How long should I take Paliperidone Janssen?
The Sustenna Paliperidone Janssen of long-acting injection Paliperidone Janssen is administered twice in the first 8 days of treatment, then every 4 weeks.
How long does Paliperidone Janssen stay in my system?
Release of Paliperidone Janssen starts as early as one day after the injection and lasts for as long as 126 days.
Does Paliperidone Janssen make I tired?
You should know that receiving Paliperidone Janssen extended-release injection may make you drowsy and may affect your ability to think clearly, make decisions, and react quickly.
Can Paliperidone Janssen cause permanent damage?
Paliperidone Janssen may rarely cause a condition known as tardive dyskinesia.

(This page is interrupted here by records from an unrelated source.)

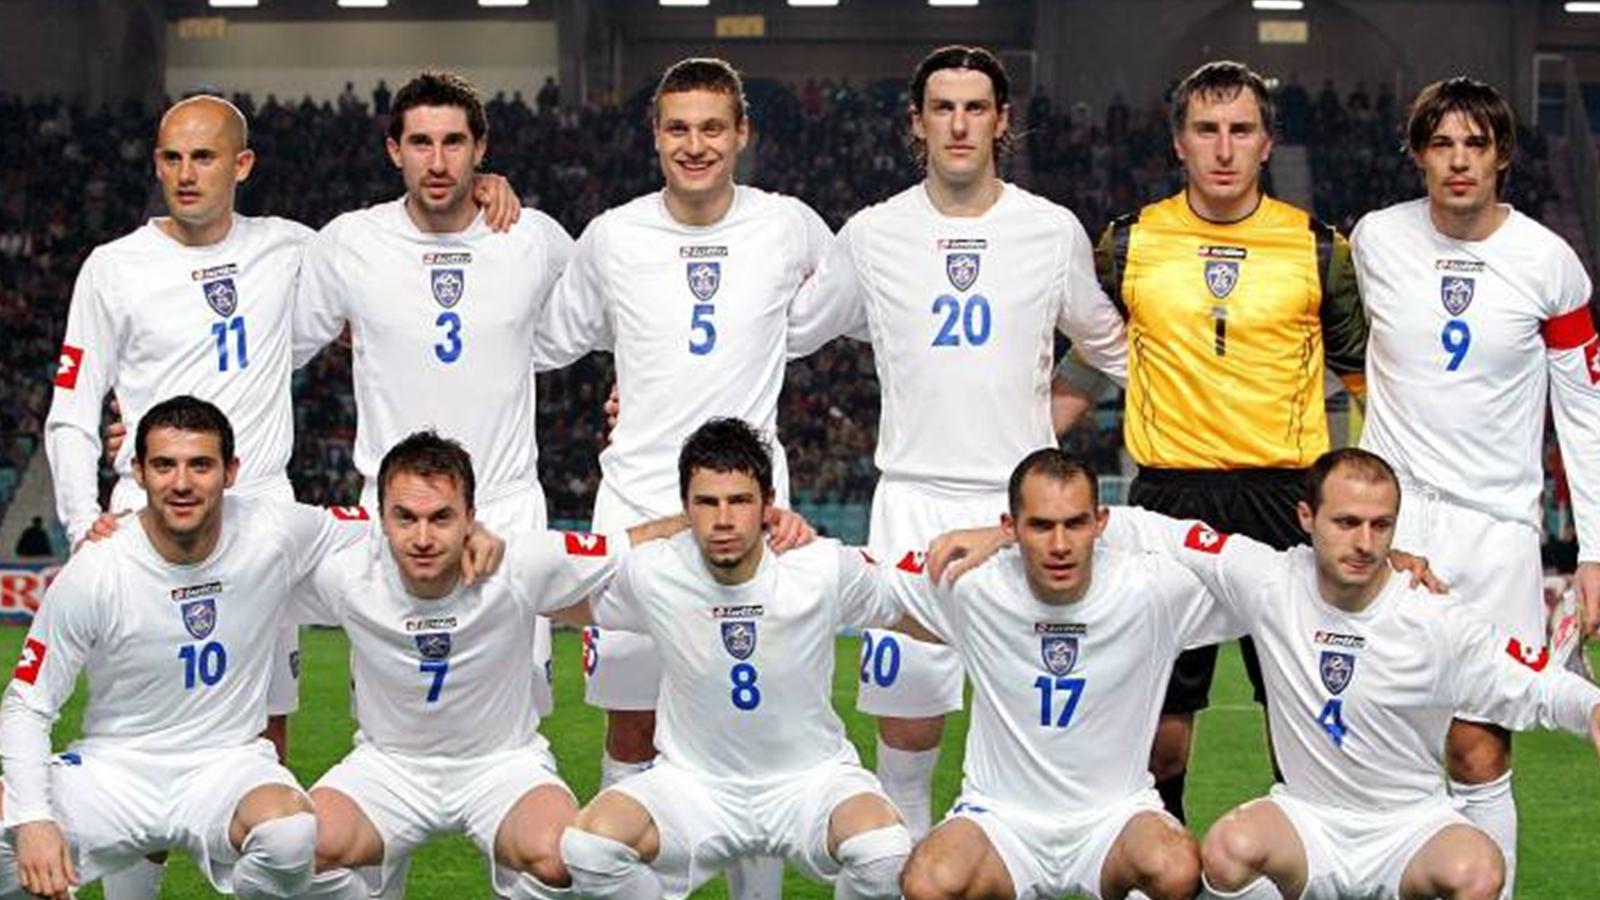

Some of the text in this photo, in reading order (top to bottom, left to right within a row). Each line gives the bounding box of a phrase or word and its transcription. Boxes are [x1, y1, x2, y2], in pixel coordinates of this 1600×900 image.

[211, 316, 248, 372] 11
[435, 312, 462, 364] 3
[690, 305, 716, 355] 5
[932, 297, 990, 346] 20
[1211, 306, 1228, 356] 1
[1441, 320, 1471, 372] 9
[178, 641, 226, 689] 10
[419, 660, 449, 703] 7
[860, 631, 900, 687] 20
[730, 663, 761, 711] 8
[1035, 675, 1086, 728] 17
[1317, 699, 1348, 746] 4
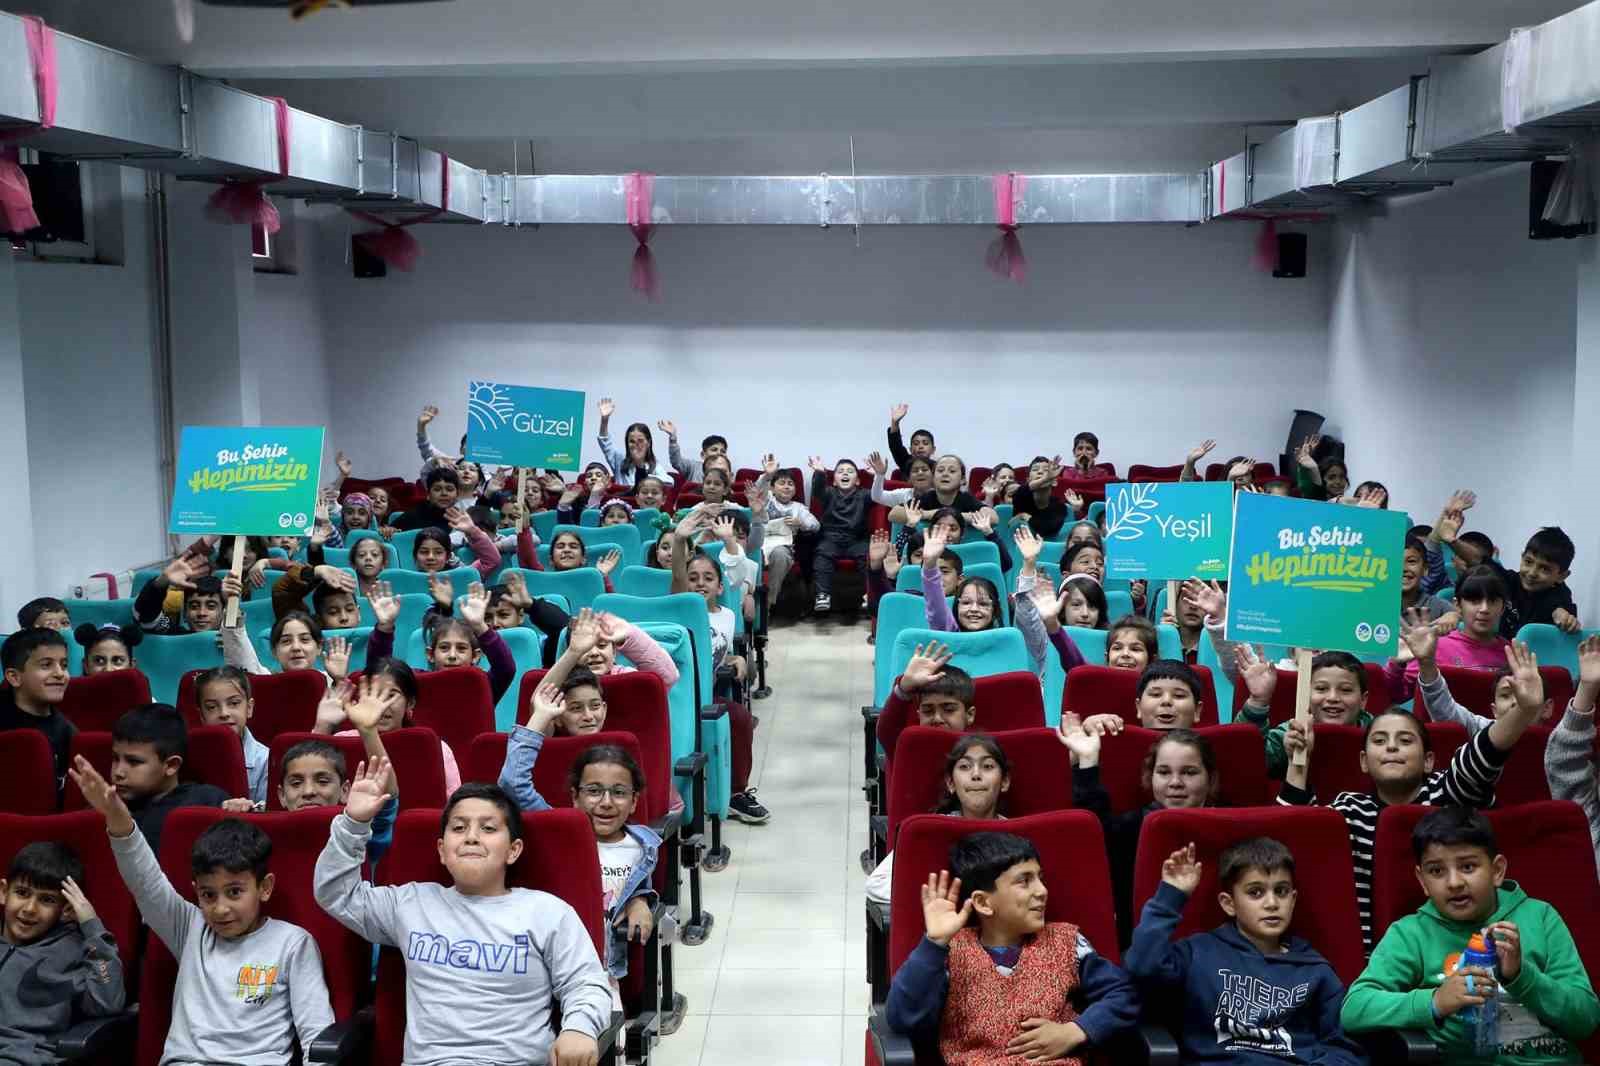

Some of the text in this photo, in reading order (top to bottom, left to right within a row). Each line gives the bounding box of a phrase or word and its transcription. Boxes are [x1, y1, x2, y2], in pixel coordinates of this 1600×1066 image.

[512, 412, 574, 437] Güzel
[216, 443, 289, 466] Bu Şehir
[188, 457, 309, 494] Hepimizin
[1154, 512, 1213, 542] Yeşil
[1278, 525, 1364, 552] Bu Şehir
[1245, 545, 1389, 586] Hepimizin
[407, 931, 529, 974] mavi
[1218, 968, 1309, 1009] THERE
[1215, 990, 1262, 1026] ARE
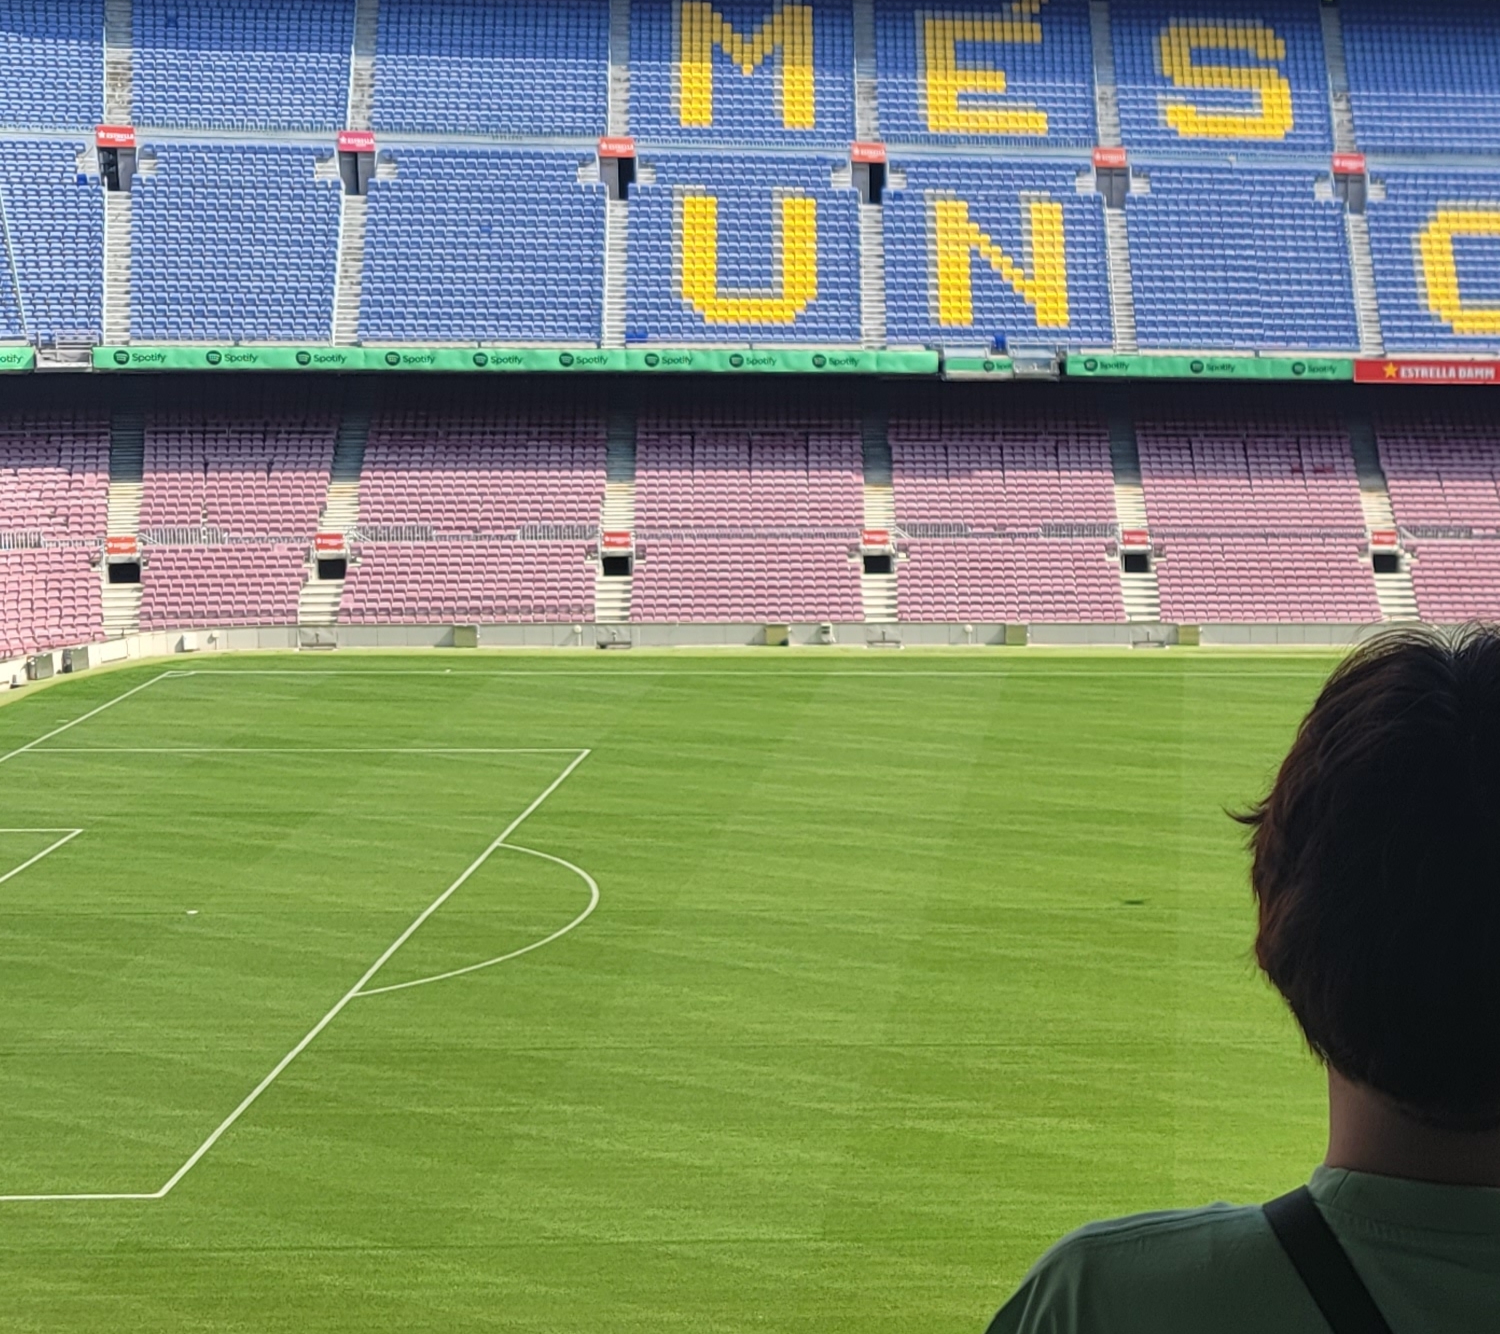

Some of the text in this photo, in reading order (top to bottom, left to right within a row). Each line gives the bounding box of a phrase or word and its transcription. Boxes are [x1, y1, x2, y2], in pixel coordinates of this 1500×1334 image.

[681, 194, 1071, 329] UN
[132, 352, 166, 364] Spotify
[224, 352, 258, 364] Spotify
[314, 353, 347, 364] Spotify
[403, 354, 436, 365] Spotify
[491, 354, 523, 365] Spotify
[576, 355, 608, 365] Spotify
[662, 355, 693, 366] Spotify
[1400, 366, 1496, 380] ESTRELLA DAMM
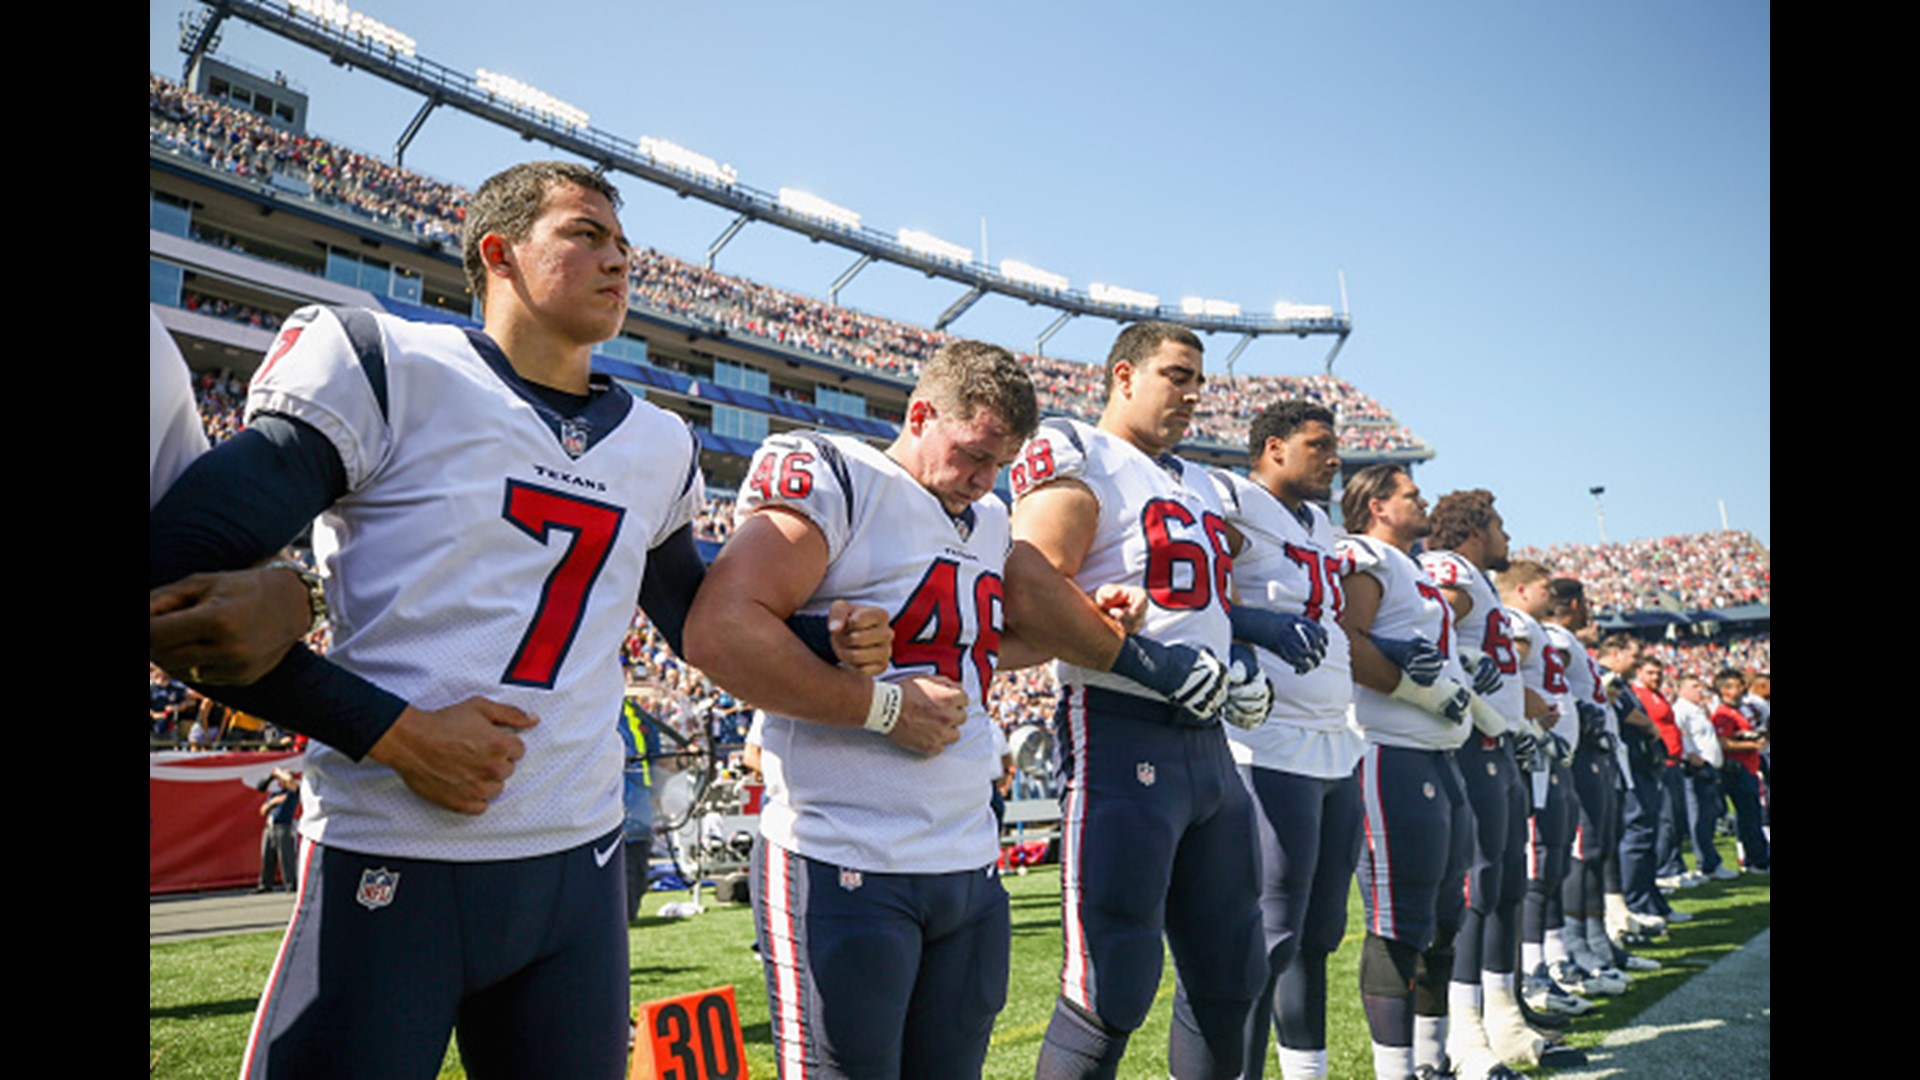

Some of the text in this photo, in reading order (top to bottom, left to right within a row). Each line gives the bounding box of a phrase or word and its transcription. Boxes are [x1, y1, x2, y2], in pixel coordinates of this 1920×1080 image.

[533, 464, 607, 492] TEXANS
[750, 452, 815, 500] 46
[501, 477, 627, 690] 7
[656, 993, 743, 1080] 30

In some cases, this condition may be permanent.
Does Paliperidone Janssen cause shortness of breath?
Fast or pounding heartbeats, fluttering in your chest, shortness of breath, and sudden dizziness.
How does Paliperidone Janssen make me feel?
Paliperidone Janssen can make some people feel dizzy, sleepy, or less alert.
Can I overdose on Paliperidone Janssen?
Overdose symptoms may include severe drowsiness, fast heartbeats, and fainting. While you are taking Paliperidone Janssen, you may be more sensitive to heat. Avoid getting too hot, or becoming overheated or dehydrated.
Does Paliperidone Janssen make my gain weight?
Paliperidone Janssen caused significant weight gain.
What happens if I miss a dose?
Take the medicine as soon as you can, but skip the missed dose if it is almost time for your next dose. Do not take two doses at one time.Get your prescription refilled before you run out of medicine completely.